WHAT YOU NEED TO DO - In your reply, reproduce every line of the data without any alteration.

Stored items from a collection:
###
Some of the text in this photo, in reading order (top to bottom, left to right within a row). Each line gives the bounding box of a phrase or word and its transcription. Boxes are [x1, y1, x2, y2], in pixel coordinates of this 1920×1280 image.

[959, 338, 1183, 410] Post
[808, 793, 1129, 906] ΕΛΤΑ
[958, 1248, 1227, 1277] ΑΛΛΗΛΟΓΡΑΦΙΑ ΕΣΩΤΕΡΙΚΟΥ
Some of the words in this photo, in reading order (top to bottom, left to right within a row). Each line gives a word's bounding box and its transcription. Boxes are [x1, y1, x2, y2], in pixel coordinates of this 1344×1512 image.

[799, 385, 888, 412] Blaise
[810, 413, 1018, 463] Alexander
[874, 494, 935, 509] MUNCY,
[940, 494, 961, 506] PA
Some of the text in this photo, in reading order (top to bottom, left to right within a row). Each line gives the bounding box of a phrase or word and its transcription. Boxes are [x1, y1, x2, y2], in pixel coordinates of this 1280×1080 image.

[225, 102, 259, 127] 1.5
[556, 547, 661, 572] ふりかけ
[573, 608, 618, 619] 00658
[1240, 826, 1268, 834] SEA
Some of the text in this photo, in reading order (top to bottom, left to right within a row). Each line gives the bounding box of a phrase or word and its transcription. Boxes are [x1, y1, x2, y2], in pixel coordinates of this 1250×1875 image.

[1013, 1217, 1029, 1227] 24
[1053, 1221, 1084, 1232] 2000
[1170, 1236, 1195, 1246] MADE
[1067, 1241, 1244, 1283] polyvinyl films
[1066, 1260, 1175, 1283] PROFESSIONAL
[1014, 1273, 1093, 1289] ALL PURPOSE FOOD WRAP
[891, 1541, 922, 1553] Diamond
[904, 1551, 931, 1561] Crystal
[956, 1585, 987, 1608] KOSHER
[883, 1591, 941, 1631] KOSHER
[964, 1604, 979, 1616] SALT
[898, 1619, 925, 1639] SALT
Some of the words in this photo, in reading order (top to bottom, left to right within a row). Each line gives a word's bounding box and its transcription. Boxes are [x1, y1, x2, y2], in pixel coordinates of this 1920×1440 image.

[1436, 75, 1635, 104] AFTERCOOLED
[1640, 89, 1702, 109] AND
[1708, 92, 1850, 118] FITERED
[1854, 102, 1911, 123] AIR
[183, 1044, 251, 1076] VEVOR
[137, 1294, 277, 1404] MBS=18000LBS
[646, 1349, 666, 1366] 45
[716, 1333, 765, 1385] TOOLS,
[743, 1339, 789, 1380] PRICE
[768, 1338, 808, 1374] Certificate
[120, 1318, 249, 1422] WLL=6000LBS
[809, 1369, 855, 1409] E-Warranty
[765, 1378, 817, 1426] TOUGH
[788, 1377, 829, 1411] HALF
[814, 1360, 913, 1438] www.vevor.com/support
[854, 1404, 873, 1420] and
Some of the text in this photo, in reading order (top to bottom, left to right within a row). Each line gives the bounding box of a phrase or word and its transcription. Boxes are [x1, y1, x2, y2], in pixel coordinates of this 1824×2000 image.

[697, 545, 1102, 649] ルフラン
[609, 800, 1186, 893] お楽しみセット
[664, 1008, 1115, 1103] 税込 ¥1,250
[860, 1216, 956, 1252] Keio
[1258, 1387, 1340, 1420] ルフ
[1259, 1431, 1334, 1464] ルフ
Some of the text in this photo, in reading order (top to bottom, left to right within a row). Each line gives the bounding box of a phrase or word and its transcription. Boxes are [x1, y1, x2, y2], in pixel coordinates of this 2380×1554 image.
###
YOUR SOLUTION -
Some of the text in this photo, in reading order (top to bottom, left to right within a row). Each line gives the bounding box of a phrase or word and its transcription. Boxes are [x1, y1, x2, y2], in pixel coordinates of this 1920×1280 image.

[959, 338, 1183, 410] Post
[808, 793, 1129, 906] ΕΛΤΑ
[958, 1248, 1227, 1277] ΑΛΛΗΛΟΓΡΑΦΙΑ ΕΣΩΤΕΡΙΚΟΥ
Some of the words in this photo, in reading order (top to bottom, left to right within a row). Each line gives a word's bounding box and its transcription. Boxes are [x1, y1, x2, y2], in pixel coordinates of this 1344×1512 image.

[799, 385, 888, 412] Blaise
[810, 413, 1018, 463] Alexander
[874, 494, 935, 509] MUNCY,
[940, 494, 961, 506] PA
Some of the text in this photo, in reading order (top to bottom, left to right within a row). Each line gives the bounding box of a phrase or word and its transcription. Boxes are [x1, y1, x2, y2], in pixel coordinates of this 1280×1080 image.

[225, 102, 259, 127] 1.5
[556, 547, 661, 572] ふりかけ
[573, 608, 618, 619] 00658
[1240, 826, 1268, 834] SEA
Some of the text in this photo, in reading order (top to bottom, left to right within a row). Each line gives the bounding box of a phrase or word and its transcription. Boxes are [x1, y1, x2, y2], in pixel coordinates of this 1250×1875 image.

[1013, 1217, 1029, 1227] 24
[1053, 1221, 1084, 1232] 2000
[1170, 1236, 1195, 1246] MADE
[1067, 1241, 1244, 1283] polyvinyl films
[1066, 1260, 1175, 1283] PROFESSIONAL
[1014, 1273, 1093, 1289] ALL PURPOSE FOOD WRAP
[891, 1541, 922, 1553] Diamond
[904, 1551, 931, 1561] Crystal
[956, 1585, 987, 1608] KOSHER
[883, 1591, 941, 1631] KOSHER
[964, 1604, 979, 1616] SALT
[898, 1619, 925, 1639] SALT
Some of the words in this photo, in reading order (top to bottom, left to right within a row). Each line gives a word's bounding box and its transcription. Boxes are [x1, y1, x2, y2], in pixel coordinates of this 1920×1440 image.

[1436, 75, 1635, 104] AFTERCOOLED
[1640, 89, 1702, 109] AND
[1708, 92, 1850, 118] FITERED
[1854, 102, 1911, 123] AIR
[183, 1044, 251, 1076] VEVOR
[137, 1294, 277, 1404] MBS=18000LBS
[646, 1349, 666, 1366] 45
[716, 1333, 765, 1385] TOOLS,
[743, 1339, 789, 1380] PRICE
[768, 1338, 808, 1374] Certificate
[120, 1318, 249, 1422] WLL=6000LBS
[809, 1369, 855, 1409] E-Warranty
[765, 1378, 817, 1426] TOUGH
[788, 1377, 829, 1411] HALF
[814, 1360, 913, 1438] www.vevor.com/support
[854, 1404, 873, 1420] and
Some of the text in this photo, in reading order (top to bottom, left to right within a row). Each line gives the bounding box of a phrase or word and its transcription. Boxes are [x1, y1, x2, y2], in pixel coordinates of this 1824×2000 image.

[697, 545, 1102, 649] ルフラン
[609, 800, 1186, 893] お楽しみセット
[664, 1008, 1115, 1103] 税込 ¥1,250
[860, 1216, 956, 1252] Keio
[1258, 1387, 1340, 1420] ルフ
[1259, 1431, 1334, 1464] ルフ
Some of the text in this photo, in reading order (top to bottom, left to right within a row). Each line gives the bounding box of a phrase or word and its transcription. Boxes are [x1, y1, x2, y2], in pixel coordinates of this 2380×1554 image.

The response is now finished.